• [What is being asked]: Copy the records below exactly, but leave out any picture they contain.

##### Exercise data

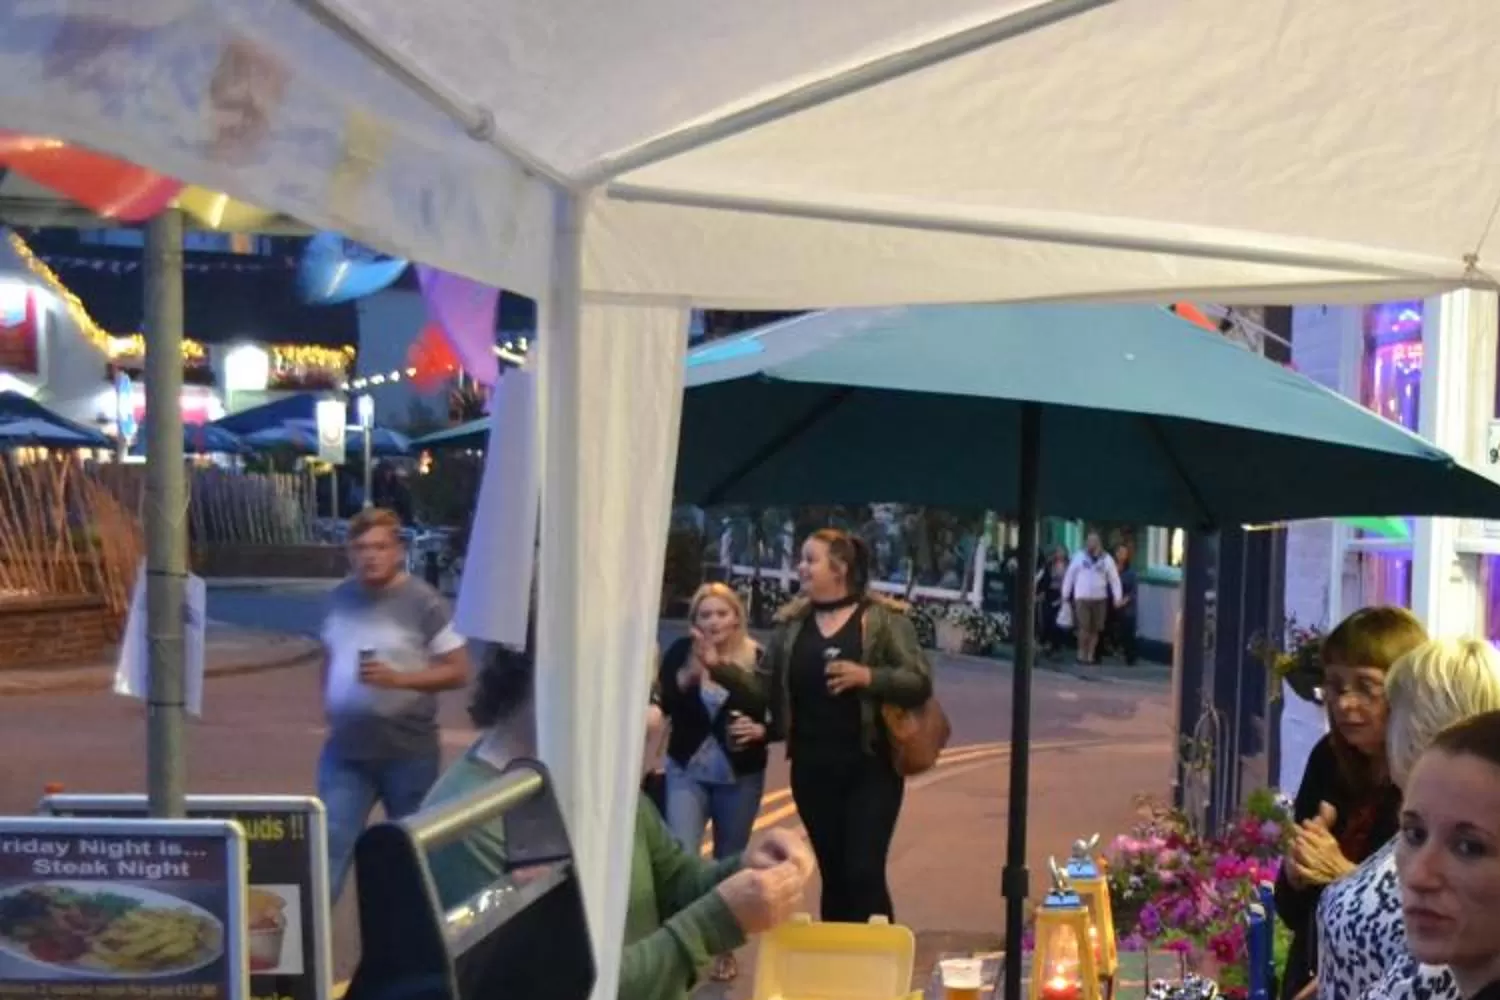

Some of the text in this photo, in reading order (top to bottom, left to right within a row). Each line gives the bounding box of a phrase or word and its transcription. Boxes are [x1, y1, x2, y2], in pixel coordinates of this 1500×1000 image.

[79, 839, 153, 859] Night
[32, 858, 191, 879] Steak Night
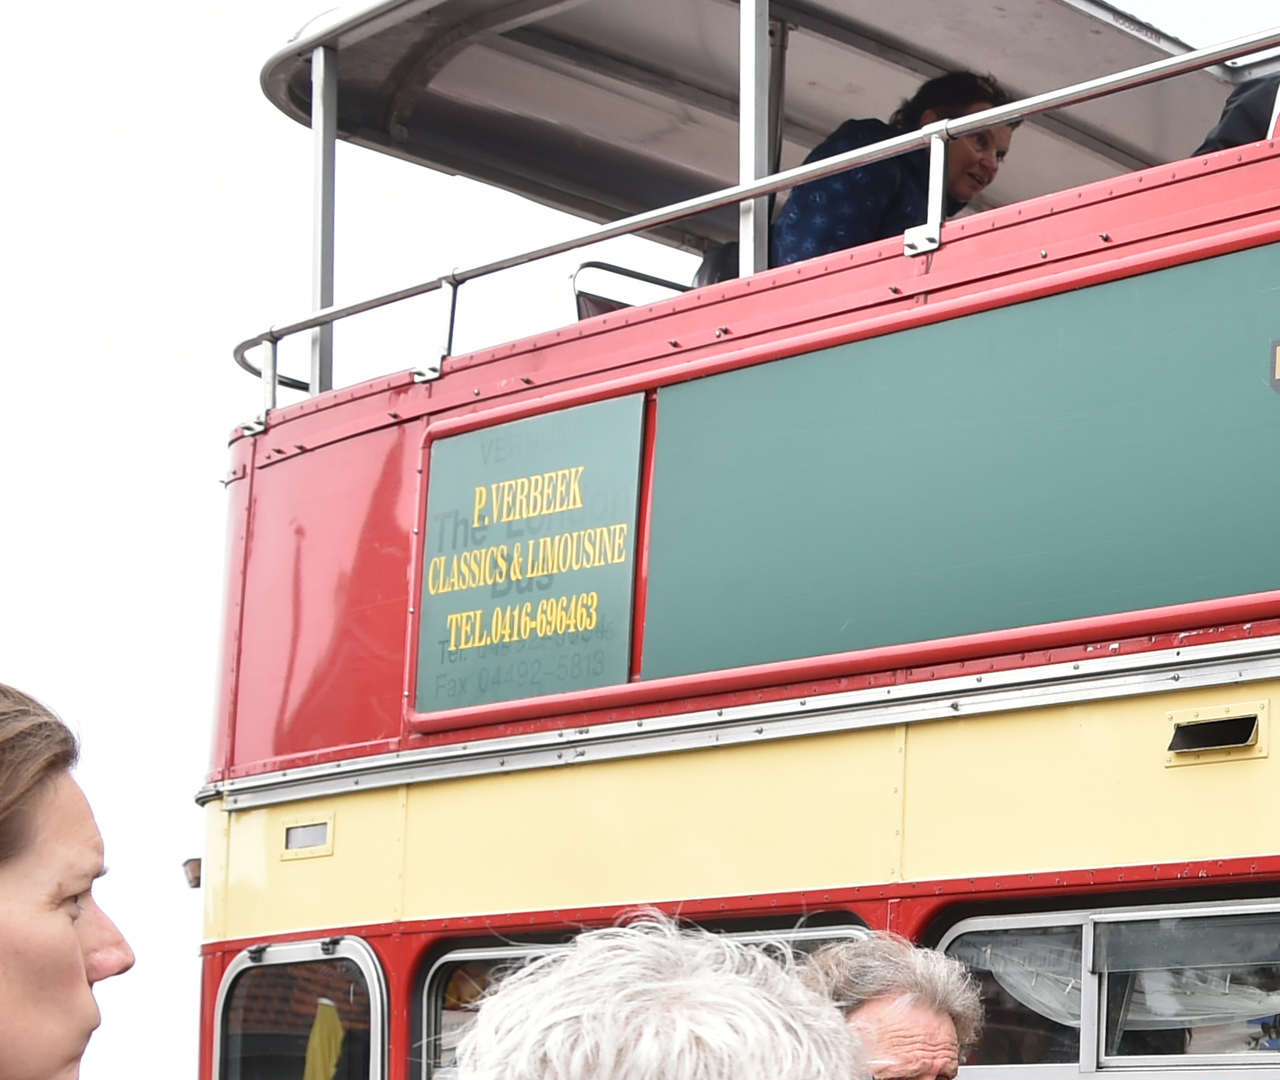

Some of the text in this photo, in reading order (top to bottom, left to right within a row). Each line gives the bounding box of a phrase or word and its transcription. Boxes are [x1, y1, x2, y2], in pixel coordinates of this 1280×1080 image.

[472, 465, 586, 529] P.VERBEEK
[428, 522, 628, 596] CLASSICS & LIMOUSINE
[446, 590, 600, 652] TEL.0416-696463

##########

• [Result]:
Some of the text in this photo, in reading order (top to bottom, left to right within a row). Each line gives the bounding box of a phrase or word and its transcription. Boxes are [x1, y1, x2, y2], in pixel coordinates of this 1500×1000 image.

[79, 839, 153, 859] Night
[32, 858, 191, 879] Steak Night

Some of the text in this photo, in reading order (top to bottom, left to right within a row). Each line gives the bounding box of a phrase or word and its transcription. Boxes are [x1, y1, x2, y2], in pixel coordinates of this 1280×1080 image.

[472, 465, 586, 529] P.VERBEEK
[428, 522, 628, 596] CLASSICS & LIMOUSINE
[446, 590, 600, 652] TEL.0416-696463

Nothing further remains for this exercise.